The official slammed the “loyalty” interviews that PPO’s powerful White House liaisons conducted earlier this year of almost every administration appointee and called them an “inquisition.”
He recalled some of the questions: “Do you support the president? Are you going to stick around this term? Are you going to stick around for the next term? Blah, blah, blah. That kind of stuff. What has the president done that you’ve been so proud of? What is his biggest accomplishment? You know, crap like that.”
Meadows recently announced internally that many of the White House liaisons at the agencies were going to be replaced, leading to chatter in the administration about why McEntee didn't make the announcement himself. Housing and Urban Development Secretary Ben Carson also publicly embarrassed McEntee by inadvertently letting reporters see his notes at a speech in late September, which revealed that he was “not happy” with how PPO was handling his department.
Chris Whipple, author of “The Gatekeepers: How the White House Chiefs of Staff Define Every Presidency,” said a hobbled White House staff at the end of Trump’s first term is not surprising.

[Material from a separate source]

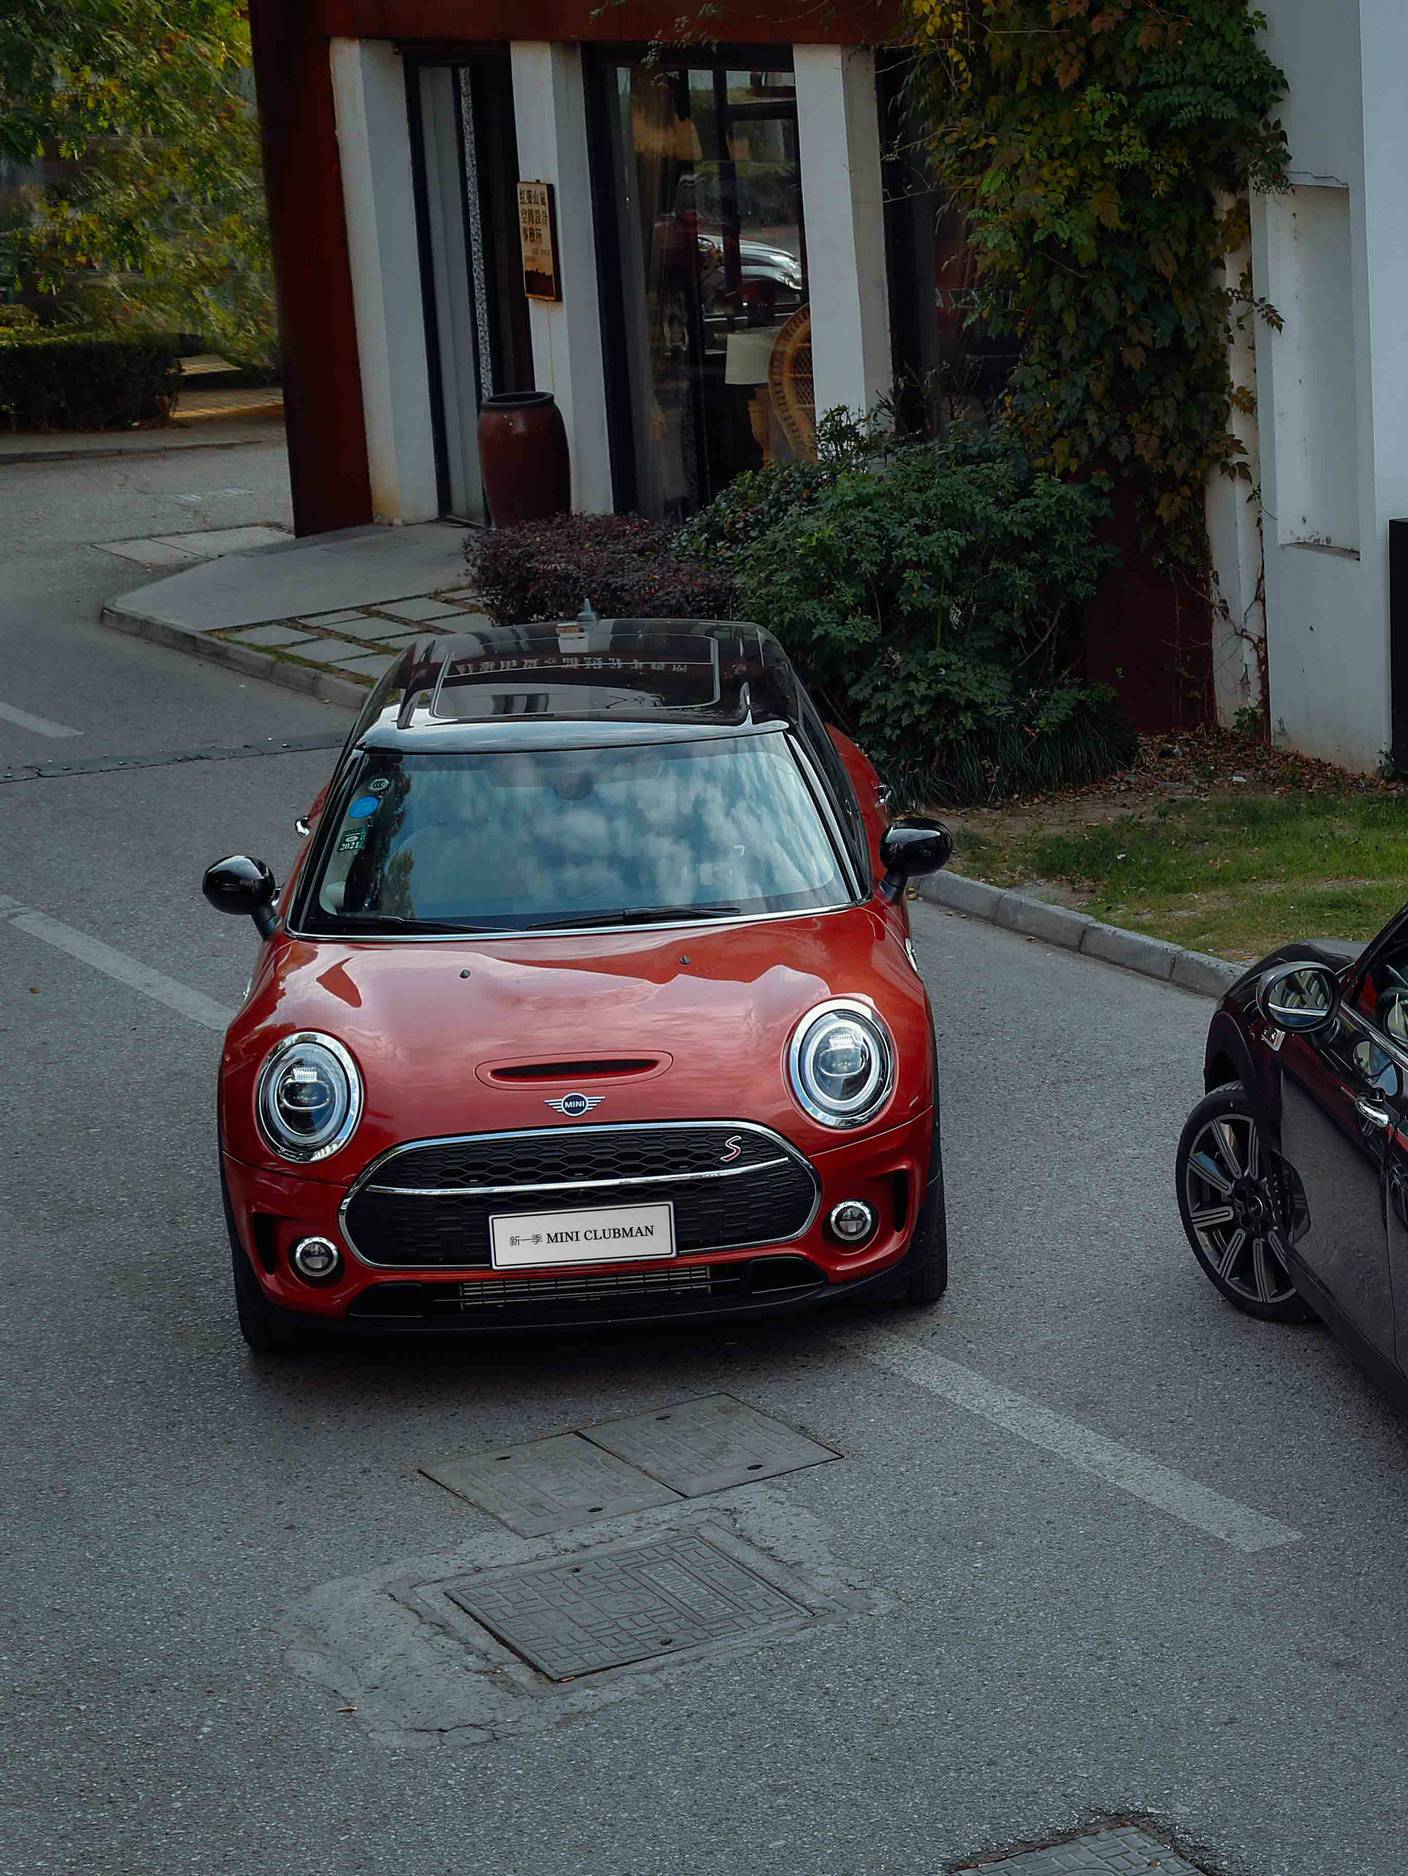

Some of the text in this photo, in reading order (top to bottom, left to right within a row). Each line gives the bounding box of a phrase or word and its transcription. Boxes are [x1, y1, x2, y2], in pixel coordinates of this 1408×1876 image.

[564, 1100, 585, 1109] MINI
[720, 1135, 742, 1163] S
[509, 1225, 655, 1247] 新一季 MINI CLUBMAN

“This was a White House that was totally broken and dysfunctional long before the pandemic came along, and this was inevitable,” he said. “And it would be hard under Donald Trump to get high-caliber White House staffers prepandemic but during a pandemic, it’s mission impossible — especially when they basically abandon any protocols to keep people safe.”
Another obstacle to having good staff in the White House and administration is that in the last few months of the president’s term, it’s hard to recruit top-level talent for such a potentially short stint of public service.
“Obviously at the end of any term, it’s hard to attract people from the private sector to come in, because you have to impoverish yourself, you have to go through a huge long background check, and there’s a potential that you’ll only be here for a month,” one current White House official said.
Constant staff turmoil means it’s hard for officials in the administration to build trust among one another and establish professional relationships that make it easier to cooperate.
“Of course it does hurt decision-making,” acknowledged Fiona Hill, who served as senior director for European and Russian affairs on the National Security Council earlier in the Trump administration. “There’s been so much churn.”